__What the task requires__
In the answer, each line must appear exactly as in the records, and no picture may appear.

__Data section__
====
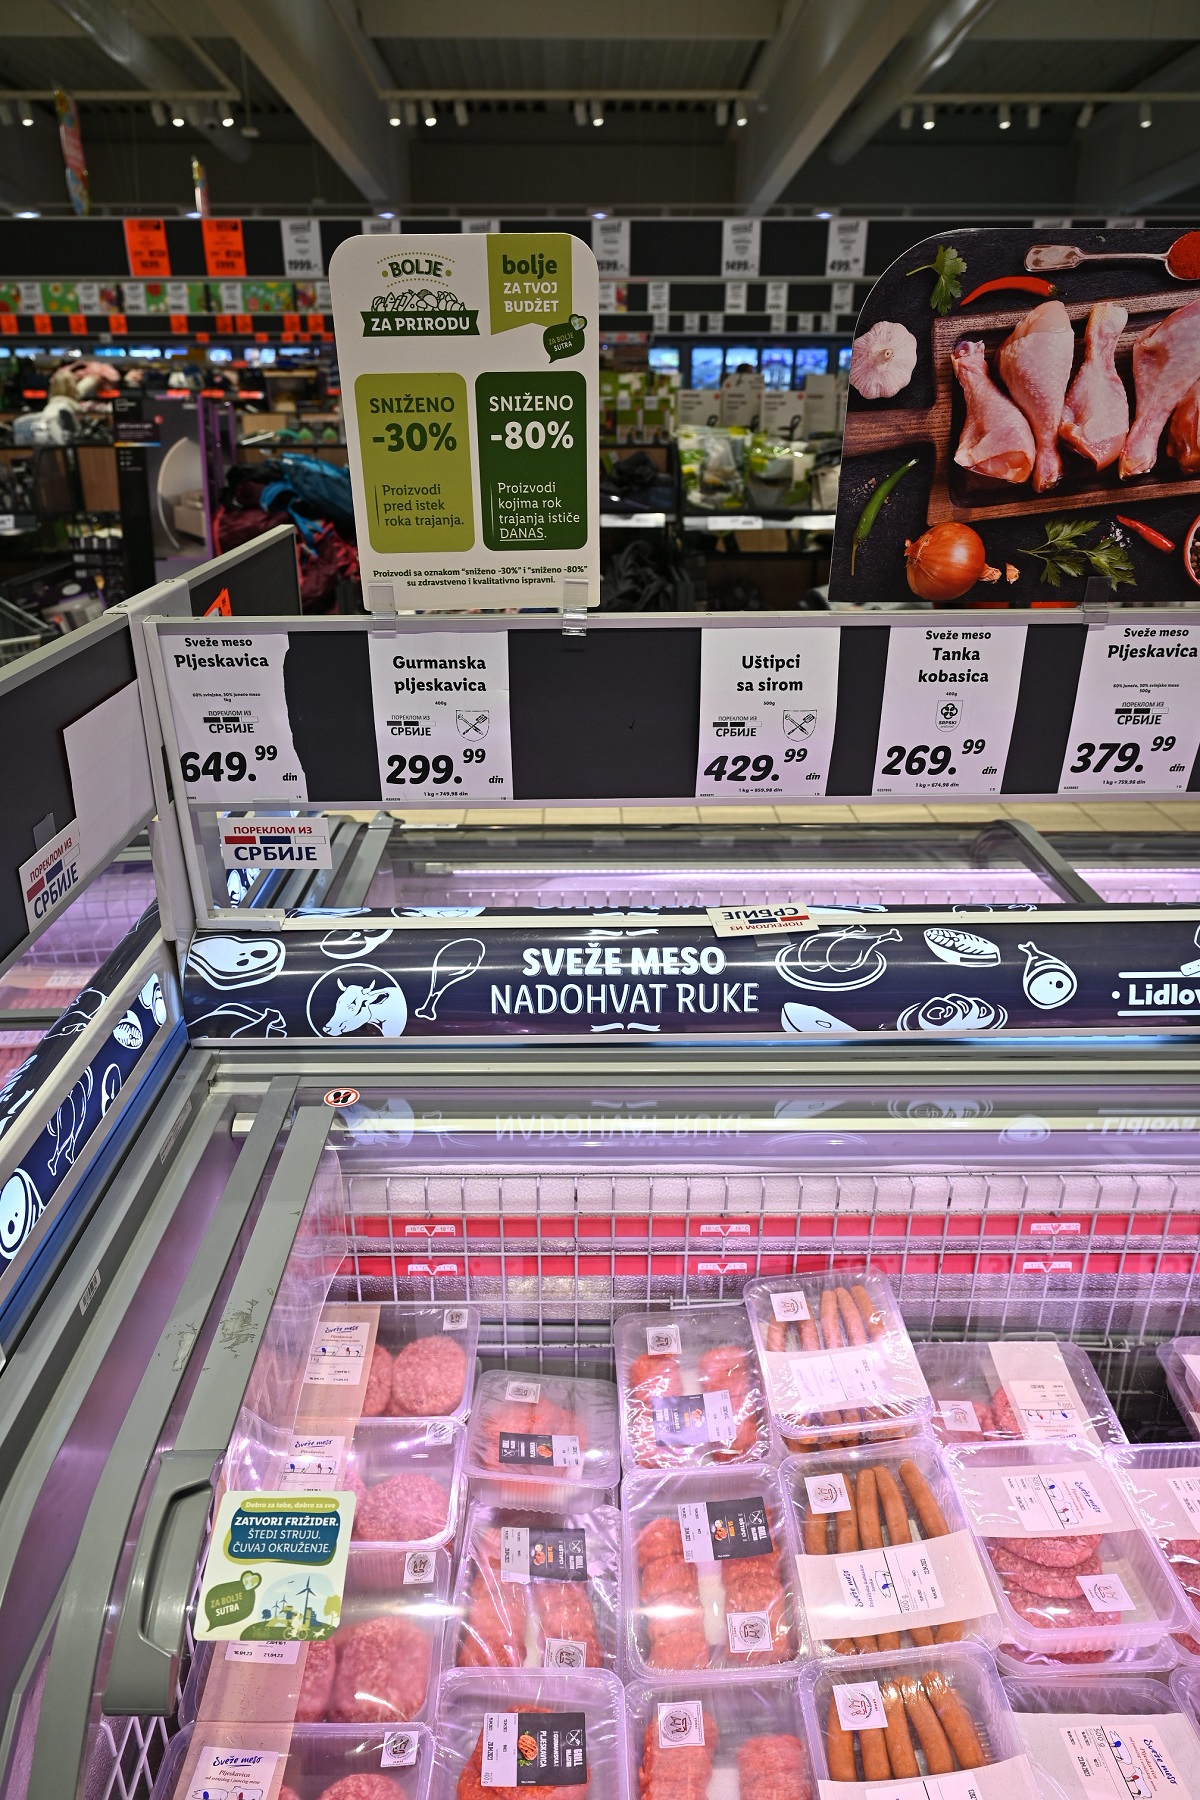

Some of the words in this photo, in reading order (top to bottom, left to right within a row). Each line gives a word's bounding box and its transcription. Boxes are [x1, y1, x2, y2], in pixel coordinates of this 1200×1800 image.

[388, 258, 444, 279] BOLJE
[502, 254, 558, 279] bolje
[504, 282, 521, 295] ZA
[524, 282, 558, 295] TVOJ
[504, 298, 559, 313] BUDŽET
[371, 318, 392, 332] ZA
[395, 317, 470, 331] PRIRODU
[548, 336, 558, 346] ZA
[557, 332, 574, 344] BOLJE
[553, 341, 573, 352] SUTRA
[370, 394, 455, 414] SNIŽENO
[489, 392, 574, 412] SNIŽENO
[372, 422, 457, 452] -30%
[490, 420, 574, 450] -80%
[382, 484, 441, 497] Proizvodi
[498, 482, 556, 494] Proizvodi
[384, 499, 413, 514] pred
[415, 498, 445, 511] istek
[498, 498, 539, 512] kojima
[542, 497, 562, 508] rok
[385, 515, 412, 527] roka
[414, 514, 465, 529] trajanja.
[499, 513, 545, 527] trajanja
[548, 512, 580, 523] ističe
[500, 528, 547, 540] DANAS.
[373, 569, 412, 578] Proizvodi
[424, 568, 460, 577] oznakom
[418, 578, 467, 587] zdravstveno
[472, 577, 520, 586] kvalitativno
[522, 576, 556, 586] ispravni.
[926, 630, 959, 641] Sveže
[962, 631, 992, 640] meso
[1124, 627, 1157, 638] Sveže
[1159, 628, 1190, 637] meso
[184, 637, 218, 648] Sveže
[222, 639, 253, 647] meso
[933, 647, 981, 661] Tanka
[1108, 643, 1198, 661] Pljeskavica
[174, 653, 270, 671] Pljeskavica
[392, 656, 487, 670] Gurmanska
[742, 654, 801, 673] Uštipci
[918, 669, 989, 683] kobasica
[394, 677, 487, 695] pljeskavica
[737, 681, 754, 692] sa
[758, 677, 803, 691] sirom
[1117, 715, 1162, 725] СРБИЈЕ
[209, 723, 255, 734] СРБИЈЕ
[391, 727, 432, 737] СРБИЈЕ
[716, 728, 757, 737] СРБИЈЕ
[982, 766, 998, 775] din
[1170, 764, 1186, 773] din
[282, 773, 298, 782] din
[489, 776, 504, 785] din
[806, 773, 821, 781] din
[234, 826, 296, 834] ПОРЕКЛОМ
[298, 826, 313, 835] ИЗ
[30, 844, 64, 883] ПОРЕКЛОМ
[64, 837, 73, 852] ИЗ
[234, 846, 317, 861] СРБИЈЕ
[34, 862, 79, 919] СРБИЈЕ
[722, 907, 799, 920] СРБИЈЕ
[746, 922, 803, 930] ПОРЕКЛОМ
[522, 942, 624, 977] SVEŽE
[631, 946, 727, 976] MESO
[490, 984, 669, 1015] NADOHVAT
[678, 982, 760, 1014] RUKE
[234, 1517, 283, 1526] ZATVORI
[284, 1516, 339, 1526] FRIŽIDER.
[248, 1528, 277, 1539] ŠTEDI
[280, 1530, 321, 1539] STRUJU.
[233, 1541, 266, 1553] ČUVAJ
[268, 1541, 331, 1553] OKRUŽENJE.
[210, 1599, 221, 1609] ZA
[222, 1593, 243, 1605] BOLJE
[216, 1603, 240, 1617] SUTRA
[213, 1756, 239, 1767] Sveže
[241, 1756, 263, 1764] meso
[574, 1749, 583, 1767] GRILL
[1143, 1739, 1163, 1763] Sveže
[1160, 1765, 1178, 1785] meso
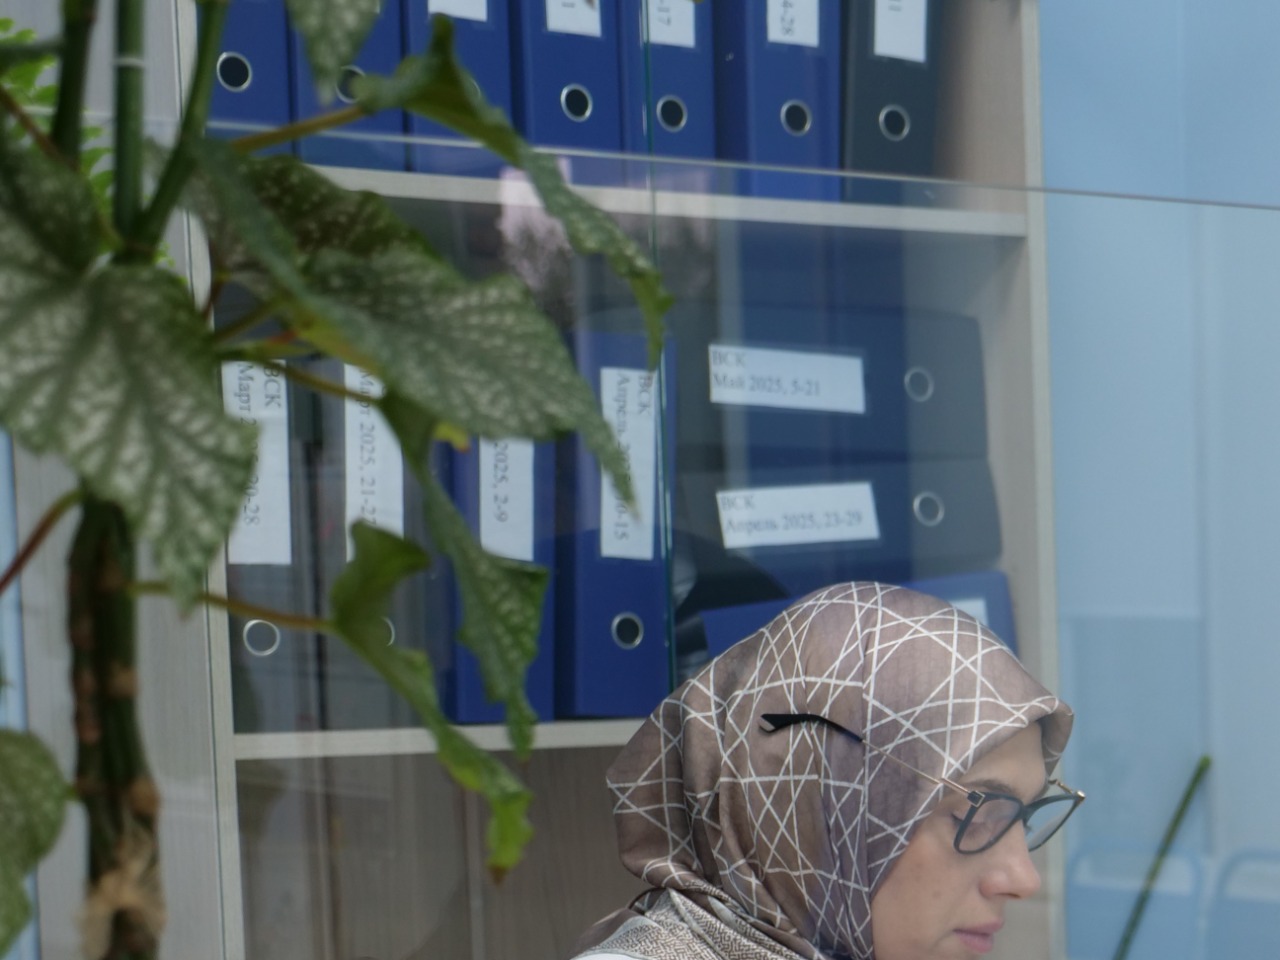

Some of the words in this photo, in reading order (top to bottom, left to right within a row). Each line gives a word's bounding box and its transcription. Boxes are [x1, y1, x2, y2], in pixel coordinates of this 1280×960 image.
====
__Answer to the exercise__
Some of the words in this photo, in reading order (top to bottom, left to right within a row). Each line gives a word's bounding box and its transcription. Boxes are [x1, y1, x2, y2], in pixel coordinates of this 1200×1800 image.

[388, 258, 444, 279] BOLJE
[502, 254, 558, 279] bolje
[504, 282, 521, 295] ZA
[524, 282, 558, 295] TVOJ
[504, 298, 559, 313] BUDŽET
[371, 318, 392, 332] ZA
[395, 317, 470, 331] PRIRODU
[548, 336, 558, 346] ZA
[557, 332, 574, 344] BOLJE
[553, 341, 573, 352] SUTRA
[370, 394, 455, 414] SNIŽENO
[489, 392, 574, 412] SNIŽENO
[372, 422, 457, 452] -30%
[490, 420, 574, 450] -80%
[382, 484, 441, 497] Proizvodi
[498, 482, 556, 494] Proizvodi
[384, 499, 413, 514] pred
[415, 498, 445, 511] istek
[498, 498, 539, 512] kojima
[542, 497, 562, 508] rok
[385, 515, 412, 527] roka
[414, 514, 465, 529] trajanja.
[499, 513, 545, 527] trajanja
[548, 512, 580, 523] ističe
[500, 528, 547, 540] DANAS.
[373, 569, 412, 578] Proizvodi
[424, 568, 460, 577] oznakom
[418, 578, 467, 587] zdravstveno
[472, 577, 520, 586] kvalitativno
[522, 576, 556, 586] ispravni.
[926, 630, 959, 641] Sveže
[962, 631, 992, 640] meso
[1124, 627, 1157, 638] Sveže
[1159, 628, 1190, 637] meso
[184, 637, 218, 648] Sveže
[222, 639, 253, 647] meso
[933, 647, 981, 661] Tanka
[1108, 643, 1198, 661] Pljeskavica
[174, 653, 270, 671] Pljeskavica
[392, 656, 487, 670] Gurmanska
[742, 654, 801, 673] Uštipci
[918, 669, 989, 683] kobasica
[394, 677, 487, 695] pljeskavica
[737, 681, 754, 692] sa
[758, 677, 803, 691] sirom
[1117, 715, 1162, 725] СРБИЈЕ
[209, 723, 255, 734] СРБИЈЕ
[391, 727, 432, 737] СРБИЈЕ
[716, 728, 757, 737] СРБИЈЕ
[982, 766, 998, 775] din
[1170, 764, 1186, 773] din
[282, 773, 298, 782] din
[489, 776, 504, 785] din
[806, 773, 821, 781] din
[234, 826, 296, 834] ПОРЕКЛОМ
[298, 826, 313, 835] ИЗ
[30, 844, 64, 883] ПОРЕКЛОМ
[64, 837, 73, 852] ИЗ
[234, 846, 317, 861] СРБИЈЕ
[34, 862, 79, 919] СРБИЈЕ
[722, 907, 799, 920] СРБИЈЕ
[746, 922, 803, 930] ПОРЕКЛОМ
[522, 942, 624, 977] SVEŽE
[631, 946, 727, 976] MESO
[490, 984, 669, 1015] NADOHVAT
[678, 982, 760, 1014] RUKE
[234, 1517, 283, 1526] ZATVORI
[284, 1516, 339, 1526] FRIŽIDER.
[248, 1528, 277, 1539] ŠTEDI
[280, 1530, 321, 1539] STRUJU.
[233, 1541, 266, 1553] ČUVAJ
[268, 1541, 331, 1553] OKRUŽENJE.
[210, 1599, 221, 1609] ZA
[222, 1593, 243, 1605] BOLJE
[216, 1603, 240, 1617] SUTRA
[213, 1756, 239, 1767] Sveže
[241, 1756, 263, 1764] meso
[574, 1749, 583, 1767] GRILL
[1143, 1739, 1163, 1763] Sveže
[1160, 1765, 1178, 1785] meso

Some of the words in this photo, in reading order (top to bottom, left to right within a row). Each line gives a word's bounding box and its transcription. Boxes are [x1, y1, x2, y2], in pixel coordinates of this 1280×960 image.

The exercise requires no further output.